Mechanical resuscitation that saves lives IN SWEDEN ALONE, some 10,000 people a year suffer a cardiac arrest, which is more

than 20 times the number of traffic accident deaths. Of these 10,000, about half are given cardio-pulmonary resuscitation (CPR) by ambulance personnel. Yet only one in ten survive. It was with this problem in mind that the LUCAS chest compression system was developed. The idea originally came from a paramedic in the early 1990s. He saw a patient on a stretcher receive CPR and wondered if it had to be that difficult. The paramedic got in touch with Professor Stig Steen of Lund University Hospital, who approached a medical company in Lund about the possibility of making a chest compressor. Doing chest compressions correctly is quite difficult, as anyone who has taken part in a lifesaving course knows. It’s so arduous that rescuers are recommended to take turns, working in two-minute intervals. One of the great benefits of LUCAS—apart from the fact that it saves lives—is that it improves the work situation. While the chest compressor is doing its job, the personnel can perform other lifesaving tasks as well as sit safely belted during transportation. The product is developed and manufactured by Jolife in Lund, southern Sweden. Global marketing director Sara Lindroth says the company has celebrated the tenth anniversary of the first patient that LUCAS helped to survive. “Meeting patients who have survived a cardiac arrest is tremendously rewarding,” she says. “And it’s a privilege to cooperate and communicate with emergency medical teams from all around the world, including firefighters, paramedics, nurses, emergency physicians and heart specialists.” Today, LUCAS is doing well commercially, but Sara Lindroth is keen to stress that a good product does not guarantee commercial success. According to her, LUCAS has succeeded on the market thanks to good teamwork, close customer cooperation, well planned distribution and committed owners. “I’m often surprised that such an apparently self-evident product as LUCAS has required so much effort to sell,” Sara Lindroth says.

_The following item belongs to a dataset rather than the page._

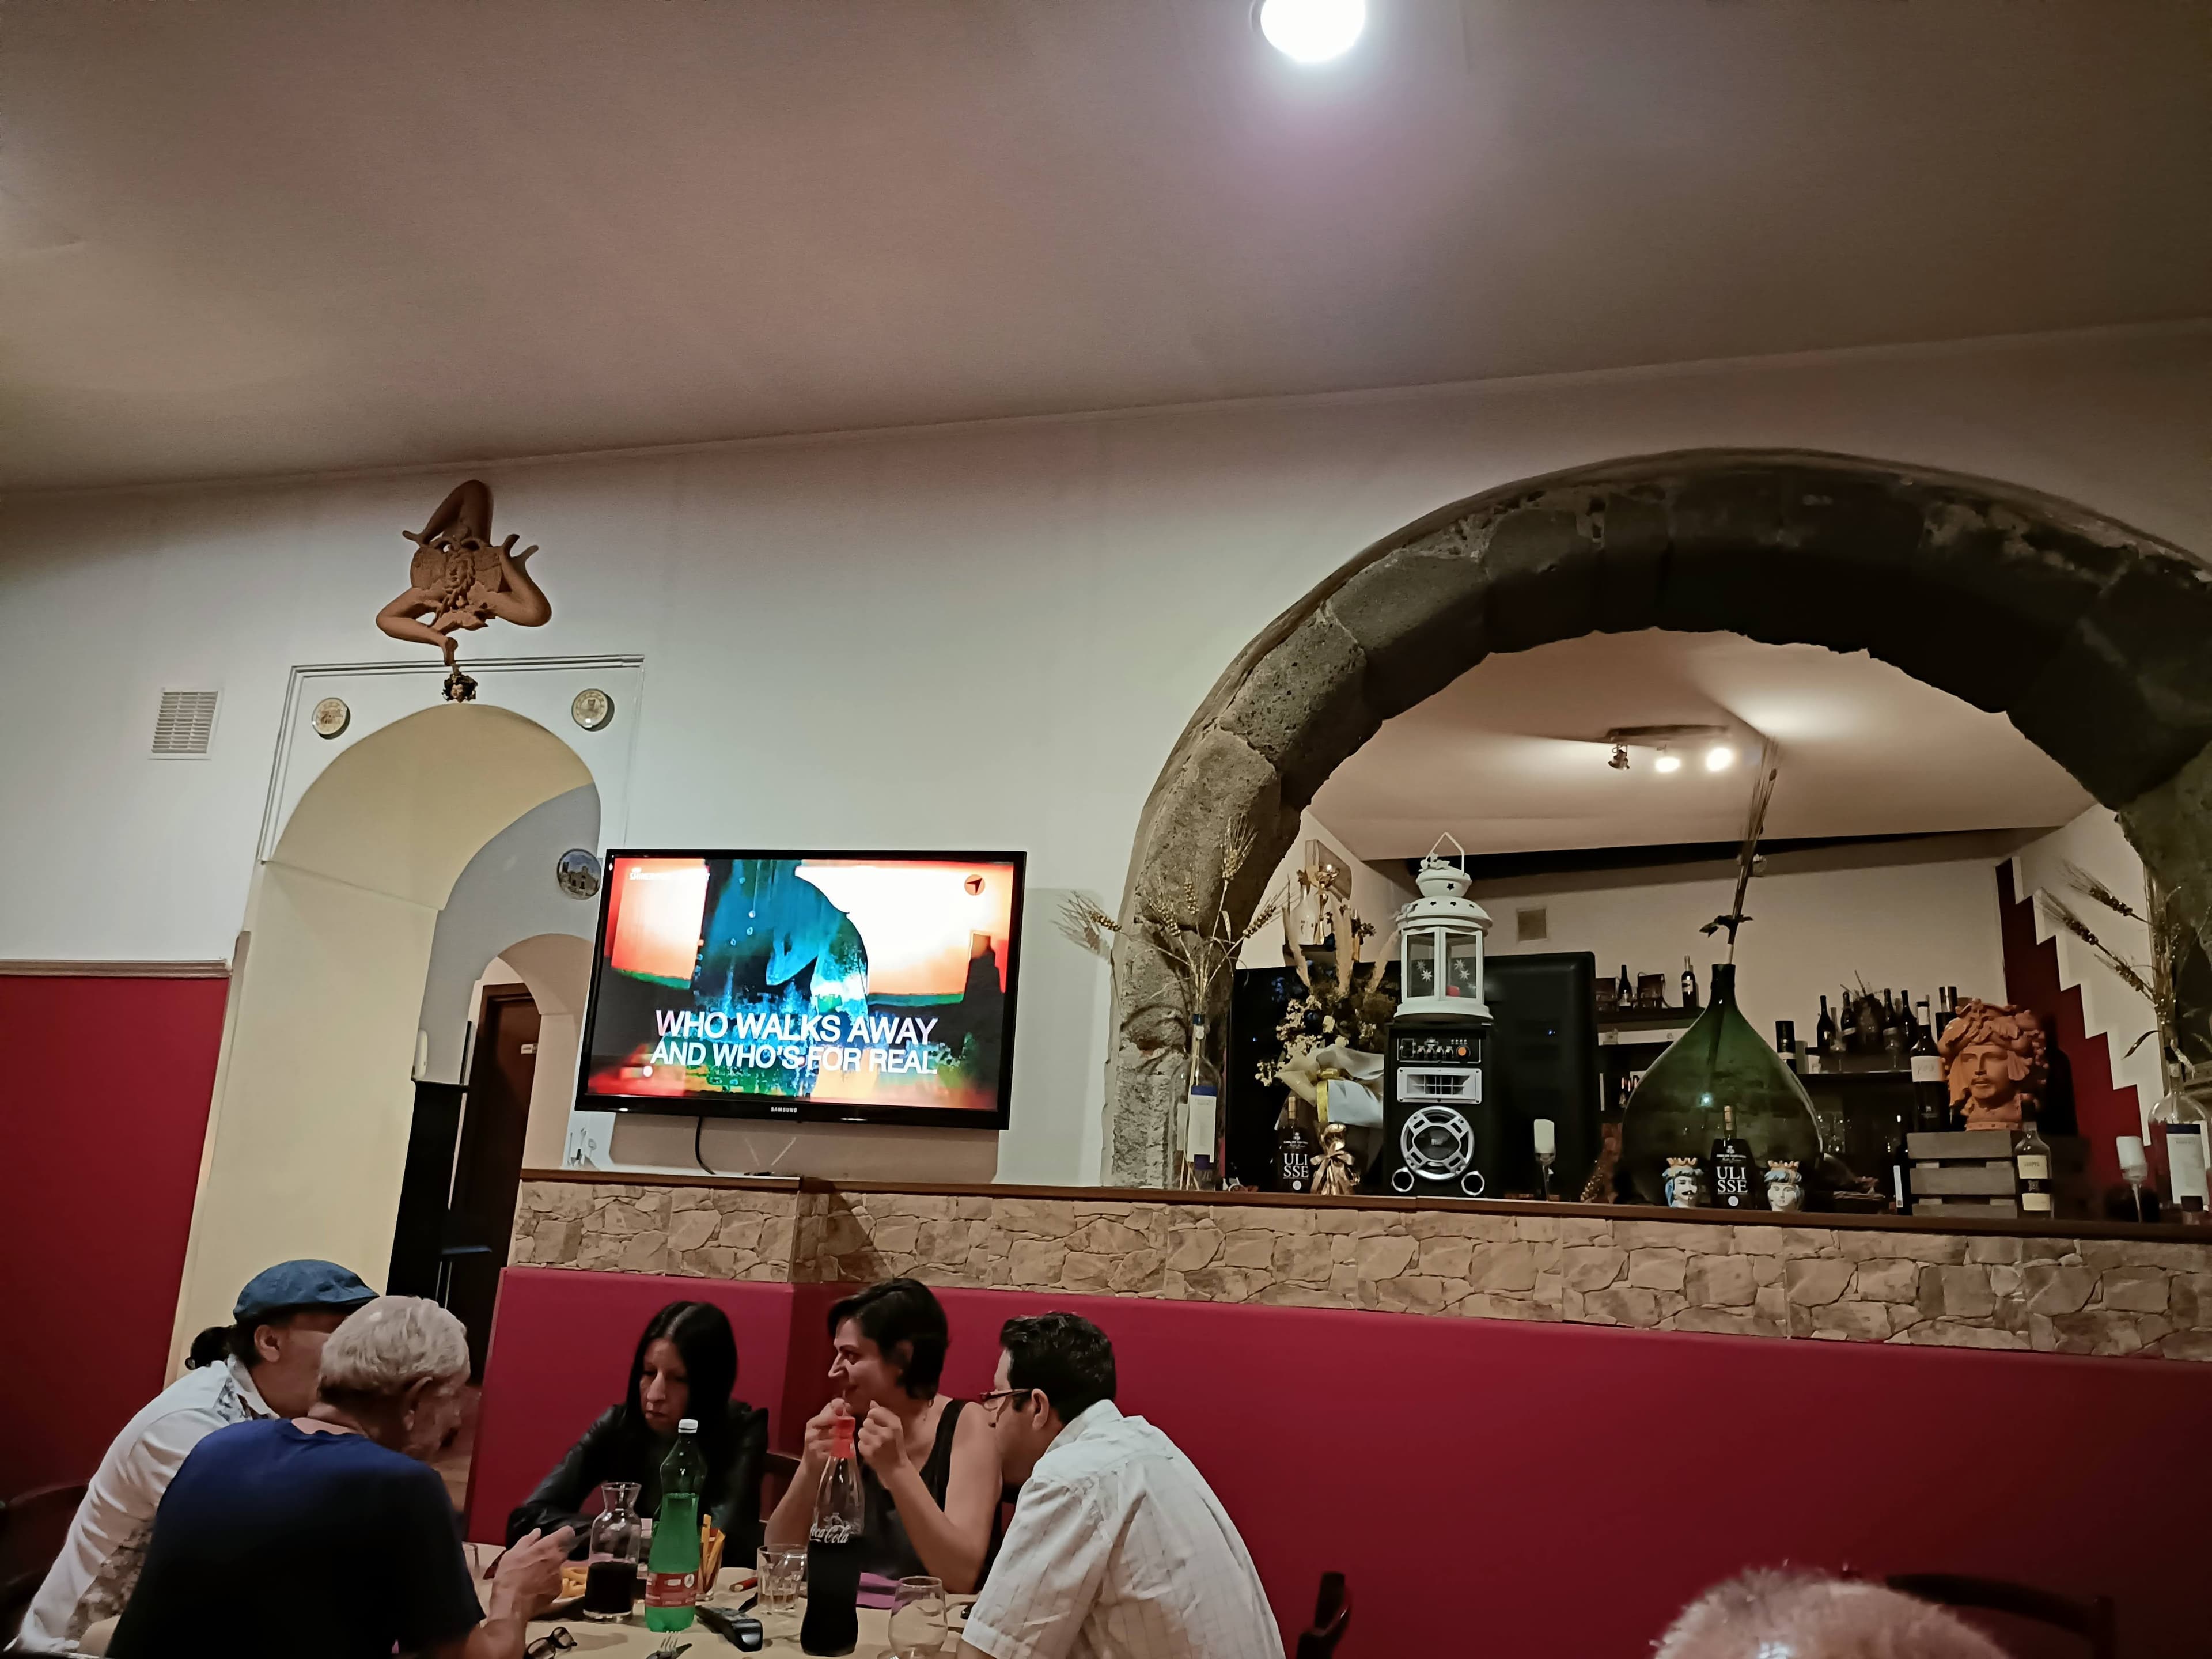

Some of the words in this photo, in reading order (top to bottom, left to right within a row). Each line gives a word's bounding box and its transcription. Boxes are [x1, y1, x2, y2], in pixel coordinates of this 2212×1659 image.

LUCAS and Jolife —the business story Jolife was formed in 2000 to develop LUCAS. The first device was used by Swedish ambulances in the field in late 2003. In 2004, the device went on sale in northern Europe. In 2009, LUCAS 2 was launched. Unlike the pneumatic LUCAS 1 it was battery-powered and therefore easier to carry and use. Sales increased substantially. In 2011, Physio-Control purchased Jolife AB after a seven-year marketing partnership. LUCAS devices are sold in the United States, Europe, Japan, Canada and China. lucas-cpr.com

Sara Lindroth.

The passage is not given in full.